Monday, August 29, 2011

Taste

Prepare your palettes for a taste of taste.

Taste – or gustation – is the one of the traditional five senses along with sight, hearing, touch, and smell. Taste usually refers to the ability to detect flavor, although smell, texture, temperature, and sight are also contributing factors. Humans experience taste through sensory organs called taste buds (or gustatory calyculi), located on the upper surface of the tongue on raised protrusions called papillae. Fungiform papillae are mushroom-shaped, and found on the tip and sides of the tongue; circumvallate papillae are the ten to fourteen dome-shaped dots at the back of the tongue; and foliate papillae appear on the sides of circumvallate papillae and the sides of the base of the tongue. Paintbrush-like filiform papillae are most common, but sense texture and touch rather than taste. Although the widely taught taste map implies taste is localized to certain parts of the tongue, taste-perception is evenly distrusted and all tasting papillae can sense every basic taste.

Saliva dissolves substances in the mouth, bringing molecules and particles to receptors responsible for each basic taste.
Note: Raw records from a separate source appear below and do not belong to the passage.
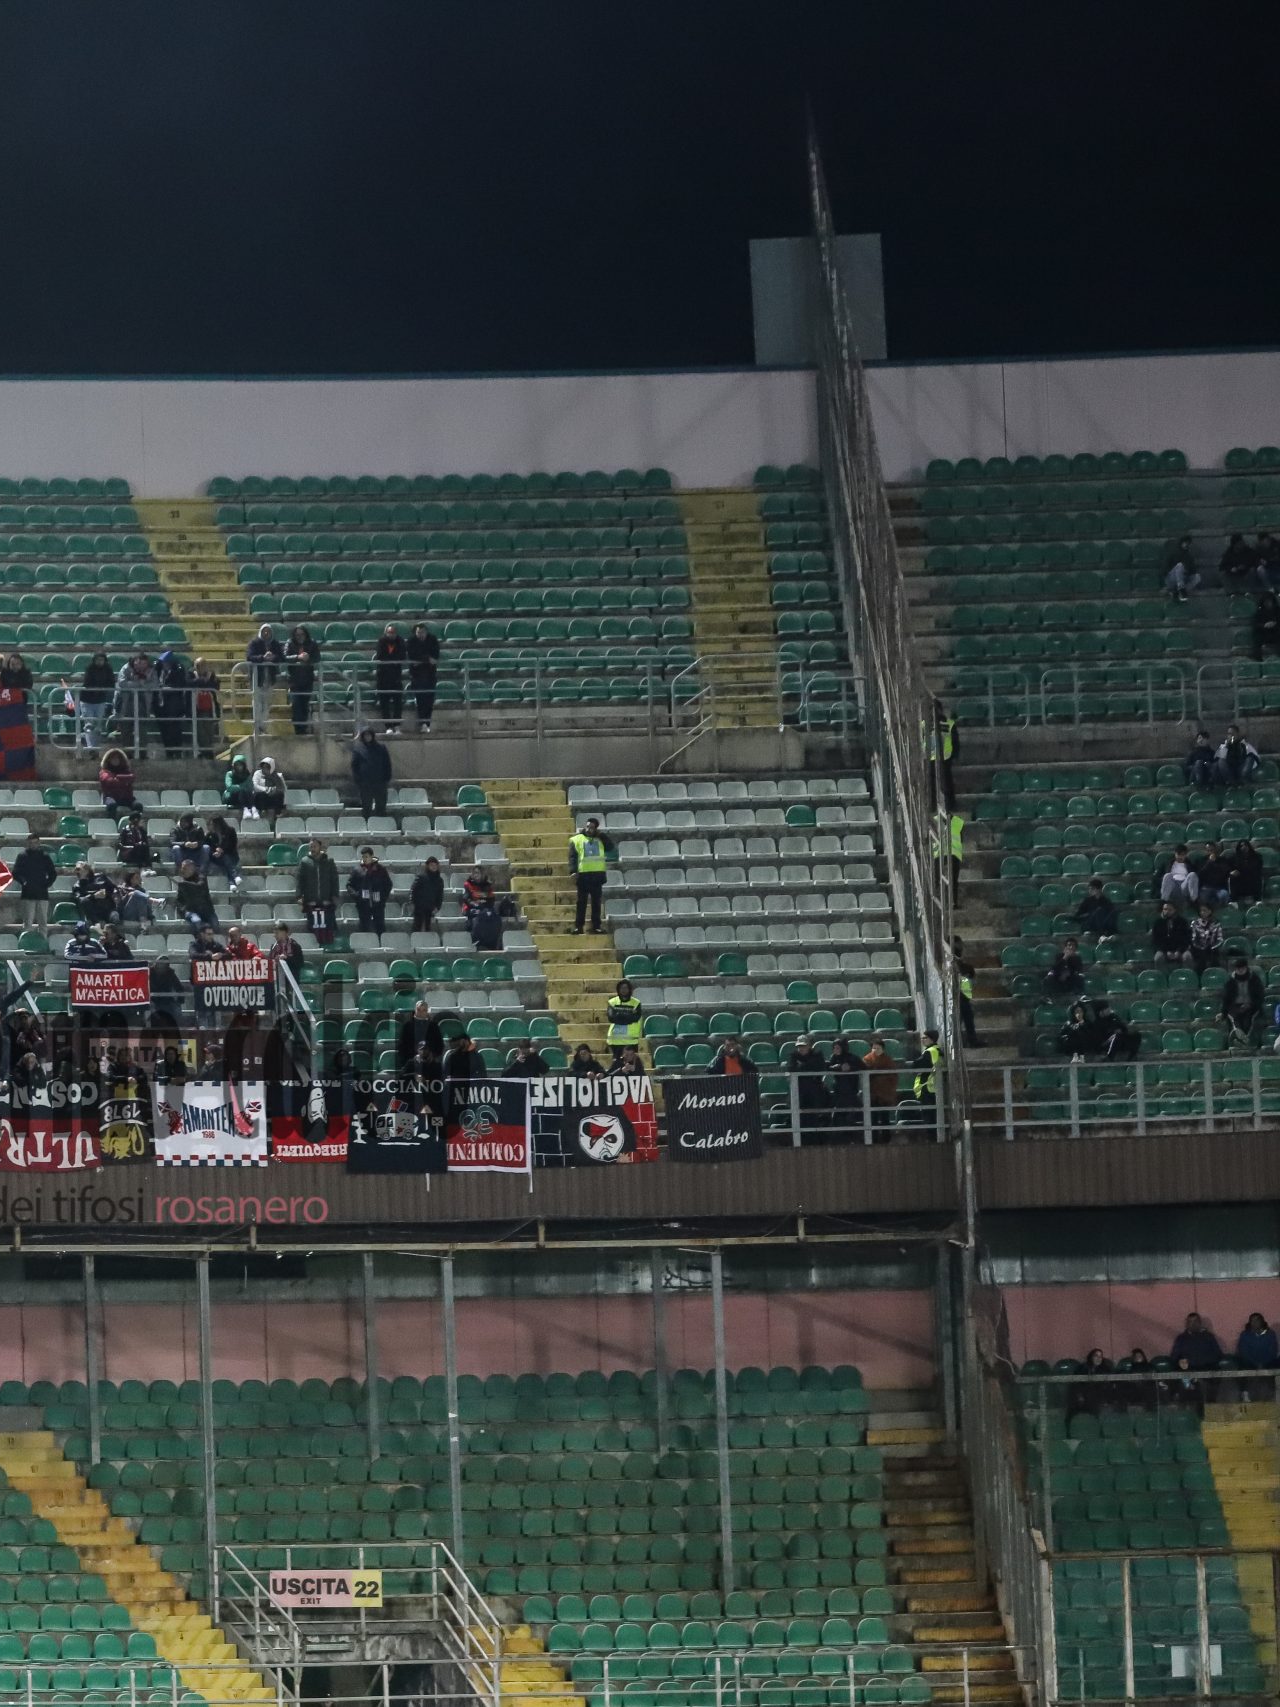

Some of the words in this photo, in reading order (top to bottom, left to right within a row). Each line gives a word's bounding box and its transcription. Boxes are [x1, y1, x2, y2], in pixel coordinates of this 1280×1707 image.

[312, 910, 326, 929] 11
[76, 974, 124, 987] AMARTI
[196, 960, 269, 982] EMANUELE
[76, 988, 145, 1002] M'AFFATICA
[204, 986, 265, 1009] OVUNQUE
[454, 1086, 501, 1105] TOWN
[678, 1092, 746, 1110] Morano
[104, 1104, 141, 1121] 1978
[182, 1102, 235, 1137] AMANTEA
[680, 1129, 749, 1148] Calabro
[272, 1578, 350, 1595] USCITA
[355, 1581, 380, 1598] 22
Three tastes of the five basics tastes are perceived through specialized G protein-coupled receptors – receptors that sit on the papillae surface and activate complex changes within the cell. Sweet is mainly triggered by sugars, although non-sugar substances like aspartame also do the trick. Bitter comes from plant-based foods such as coffee, beer, olives, and citrus peel. Bitter is the most sensitive of the five tastes, and perhaps the most evolutionary vital: most poisons have a bitter flavor. Finally, umami – often translated as “meaty” or “savory” – is due to glutamate from meat, cheeses, beans, some vegetables, and – most famously – MSG. Although umami was first described in Asia in 1908, it was only recently adopted as a basic taste in the West.
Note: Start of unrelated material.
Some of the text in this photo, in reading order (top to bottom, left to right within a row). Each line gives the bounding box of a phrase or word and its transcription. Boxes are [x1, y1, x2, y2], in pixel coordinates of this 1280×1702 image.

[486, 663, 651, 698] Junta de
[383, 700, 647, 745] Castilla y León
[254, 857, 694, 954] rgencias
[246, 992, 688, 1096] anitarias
The two remaining tastes are produced by ion channels that capture charged particles. Salty is produced by cations like K+ (potassium) and Li+ (lithium), although Na+ (sodium) taste saltiest. Similarly, sour reflects a drop in the mouth’s pH, triggered by the presence of hydronium ions (H30+) formed from acids and water.
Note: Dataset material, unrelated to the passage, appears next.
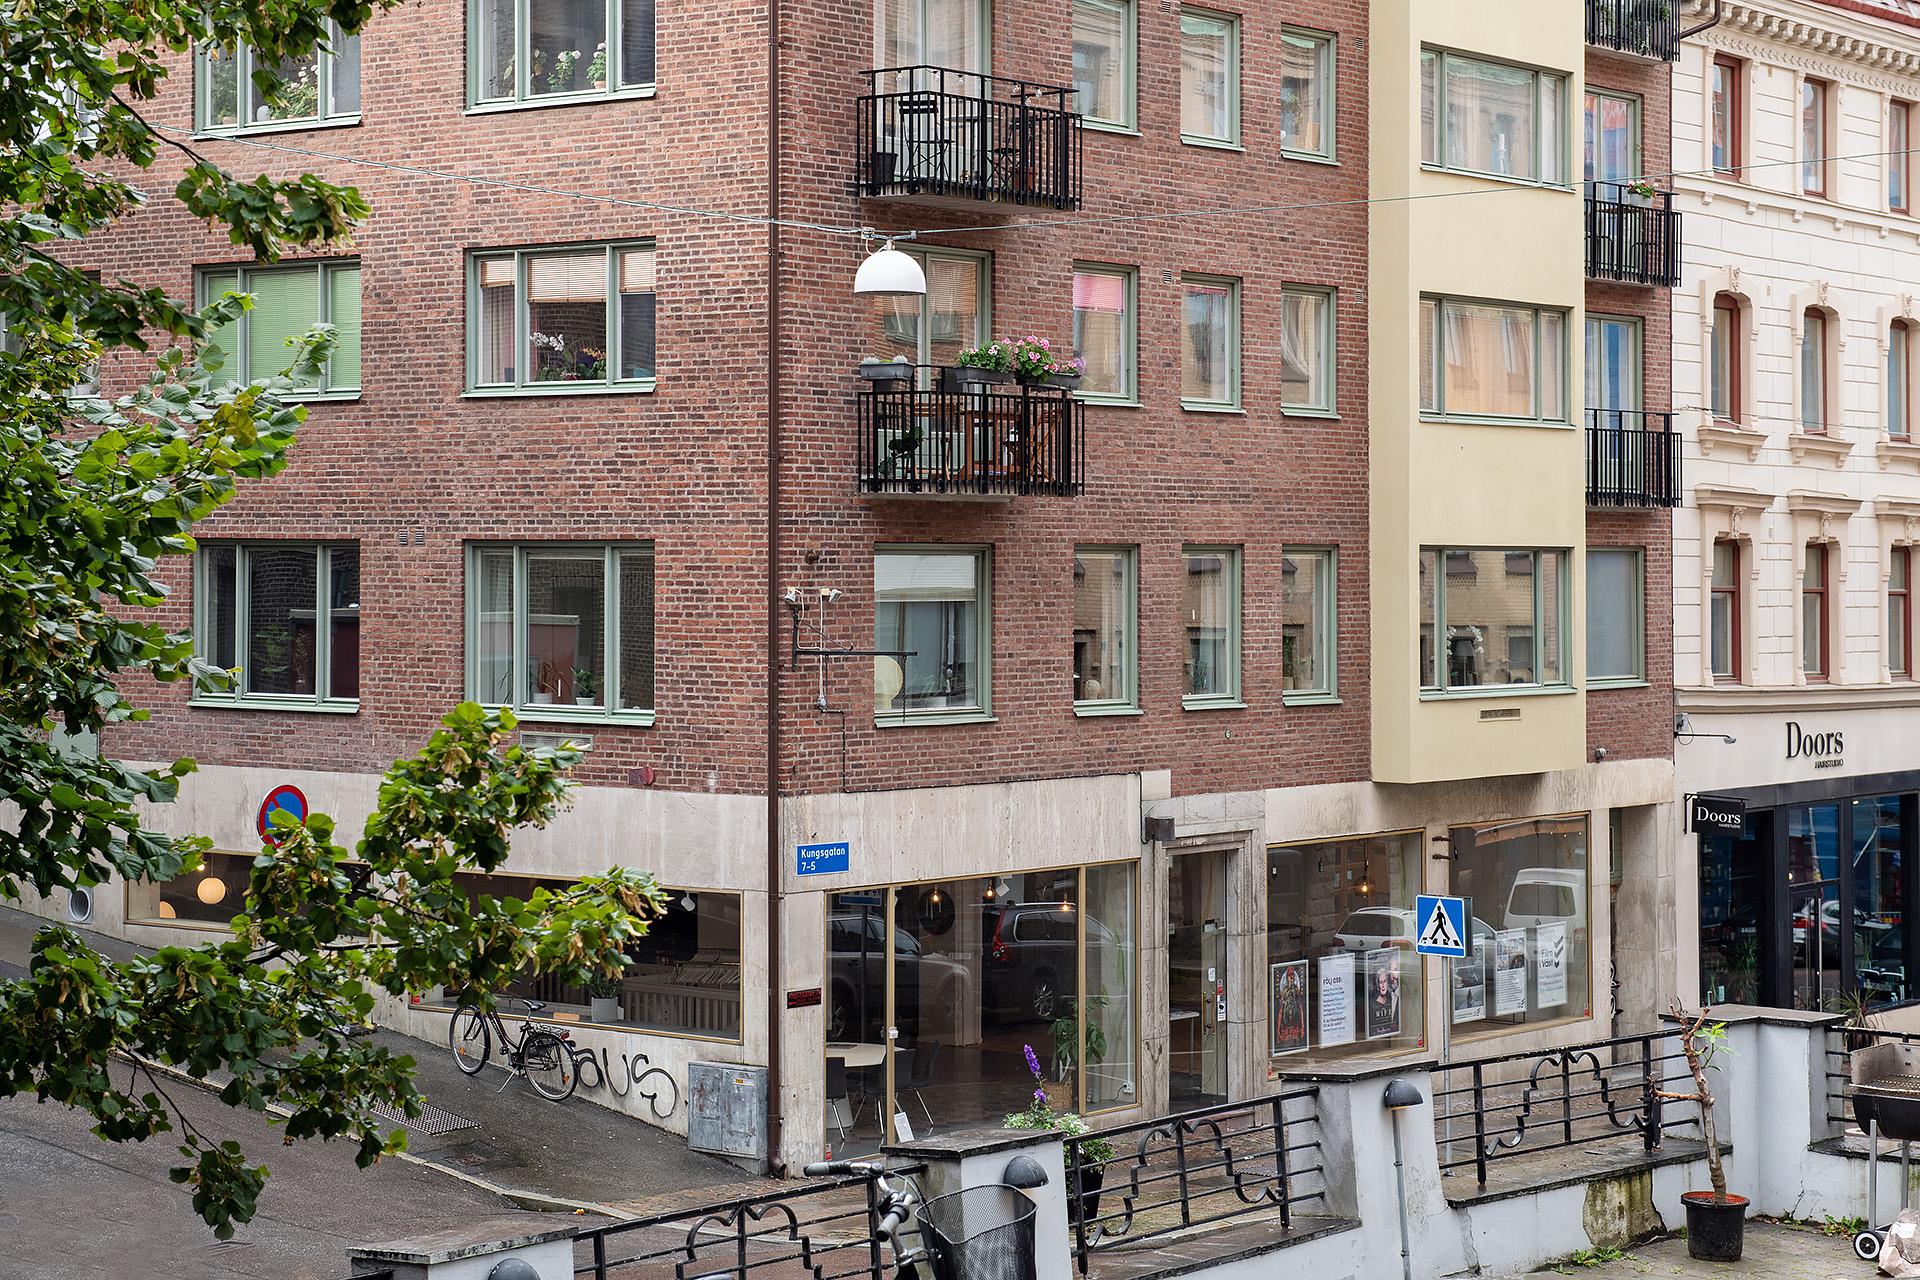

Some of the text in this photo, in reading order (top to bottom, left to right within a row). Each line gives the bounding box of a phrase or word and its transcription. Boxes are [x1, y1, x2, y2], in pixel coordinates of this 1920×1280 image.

Although the basics tastes and the way they’re perceived are constant across humanity, there is some variation. For example, while both males and females are better able to distinguish tastes as they age, women – on average – have more refined palettes then men. An estimated 25% of people are supertasters, who – partly due to more fungiform papillae – have a heightened sense of taste. These individuals are most often women, and tend to shy away from the more extreme flavors of coffee, beer, grapefruit, and bitter vegetables. Likewise, the world’s similarly sized nontaster population endures reduced numbers of papillae and a subsequently diminished sense of flavor. With so much biology influencing what flavors we can and cannot stomach, it seems that taste isn’t simply a matter of taste after all.